The family of a teenager who almost lost a leg in the Boston Marathon bombings has started a fund to explore limb regeneration and the use of stem cells to regrow bones and skin.

Gillian Reny's parents started the fund with an undisclosed sum and have formed a team for this year's marathon to raise more. The goal is $3 million to fund research intended to help others at risk of amputation.

Reny, as well her parents Audrey Epstein Reny and Steven Reny, haven't spoken publicly about their ordeal, but are coming forward now in interviews with The Boston Globe and WCVB-TV to talk about the Gillian Reny Stepping Strong Fund.

Both of Reny's legs were injured in the April blast, and doctors were not sure they could save her mangled lower right leg.

"I knew from seeing the destruction of my legs that something very serious had happened," Reny said.

Reny was standing near the finish line with her parents to watch her sister complete the race when twin bombs detonated, killing three people and injuring more than 260 others.

Reny, now a 19-year-old freshman at the University of Pennsylvania, is still rehabilitating but is able to walk on her own after undergoing several surgeries.

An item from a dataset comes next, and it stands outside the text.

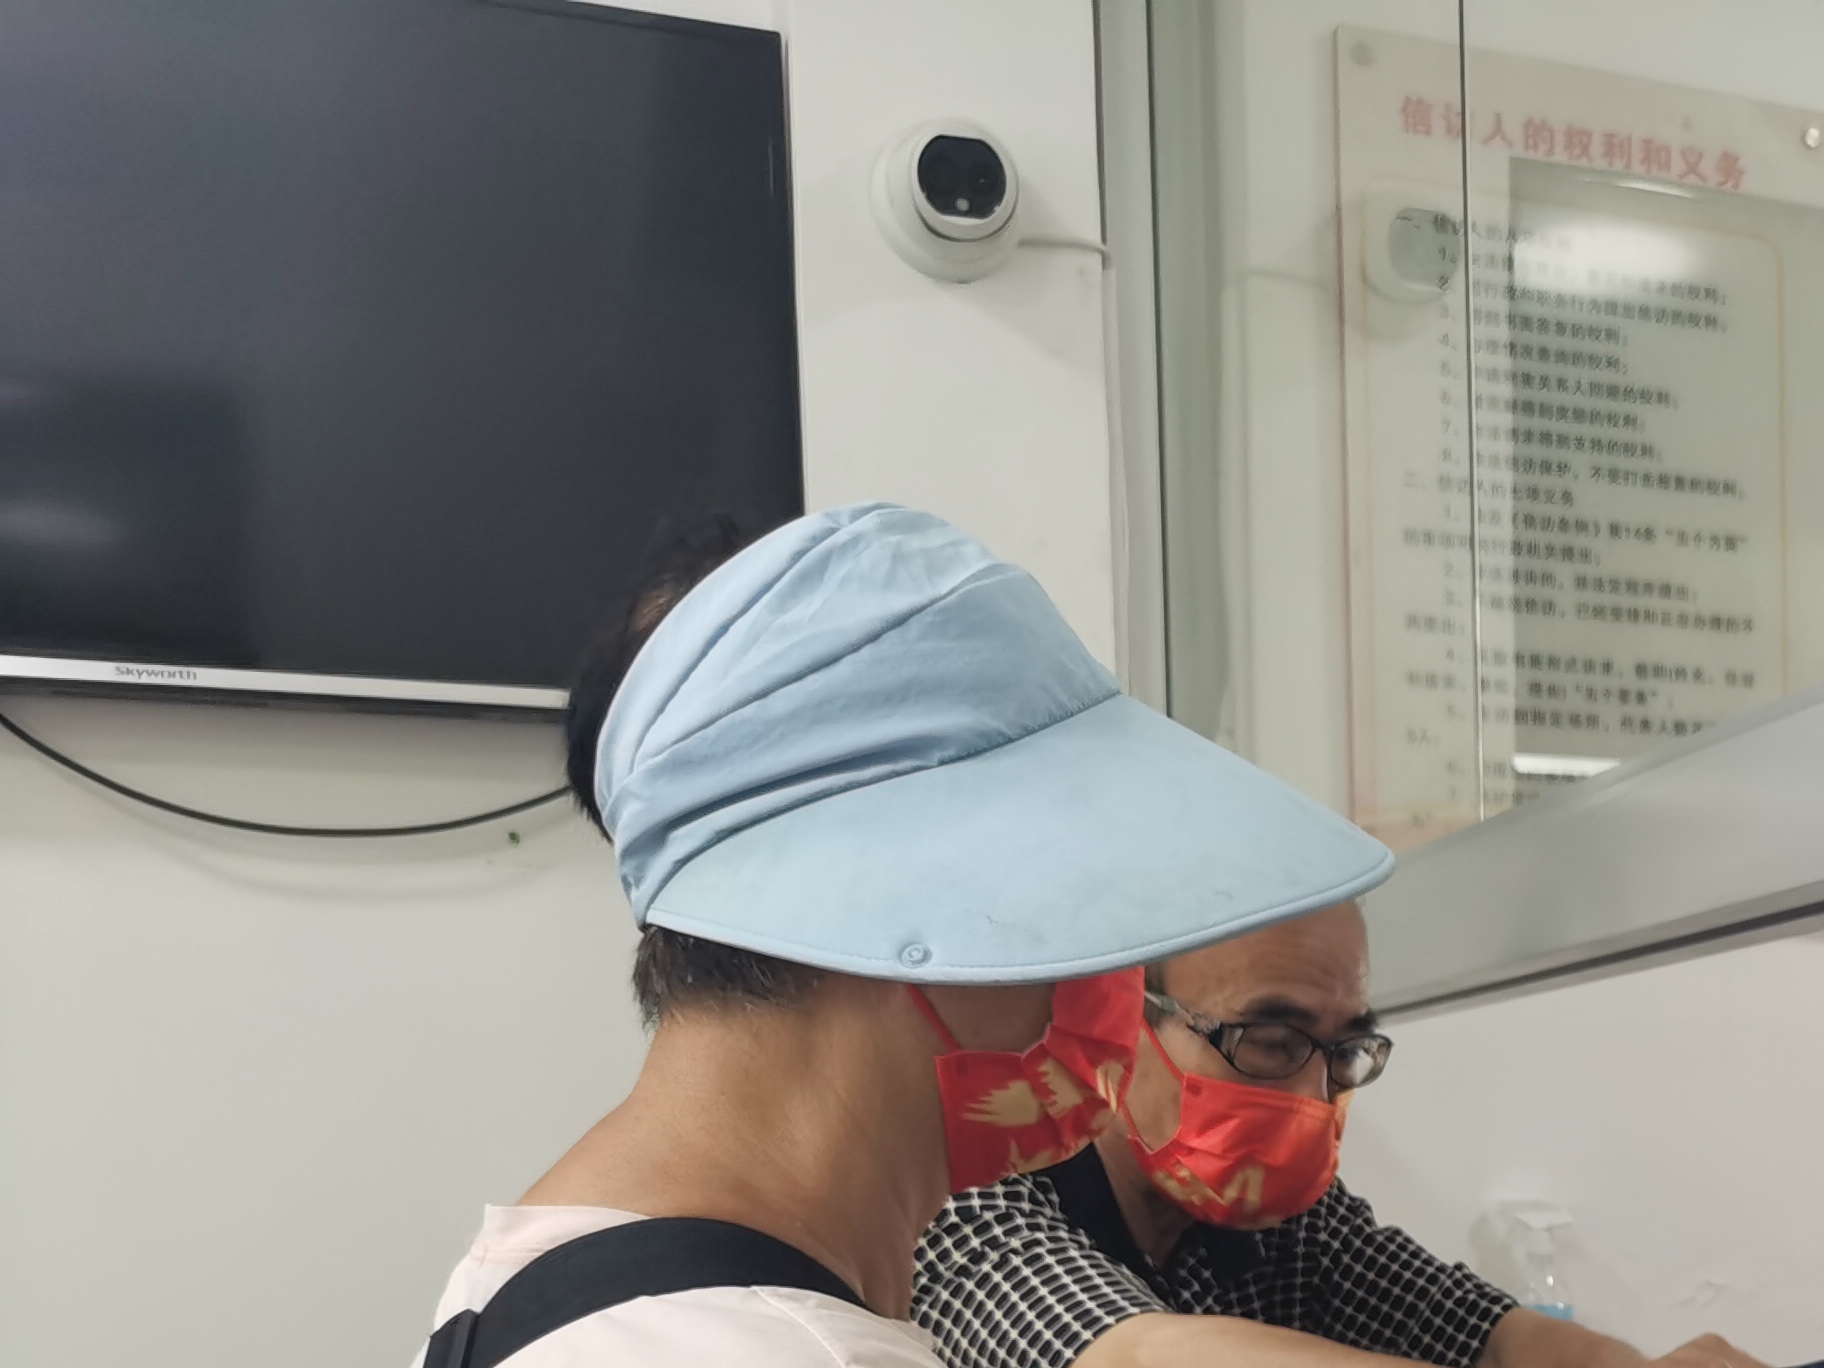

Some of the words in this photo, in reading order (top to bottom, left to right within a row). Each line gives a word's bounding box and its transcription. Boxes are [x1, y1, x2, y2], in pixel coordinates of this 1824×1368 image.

[1400, 94, 1748, 192] 信访人的权利和义务
[115, 665, 198, 681] Skyworth

Initially, doctors did not know if Reny's leg could be saved, said plastic surgeon Dr. Eric Halvorson.

But Halvorson found that a vital nerve was undamaged, and tests showed that major blood vessels were largely intact. Reny spent several weeks at Brigham & Women's Hospital and within two months recovered enough to attend her graduation from Buckingham Brown & Nichols School on crutches.

"It was awesome to be able to be with my friends and my class," she said.

By August she had started walking on her own, although her rehabilitation is ongoing and she may need more surgery.

Her goal is to start dancing again.

"I feel like a normal college freshman," she said, "which is all I ever wanted."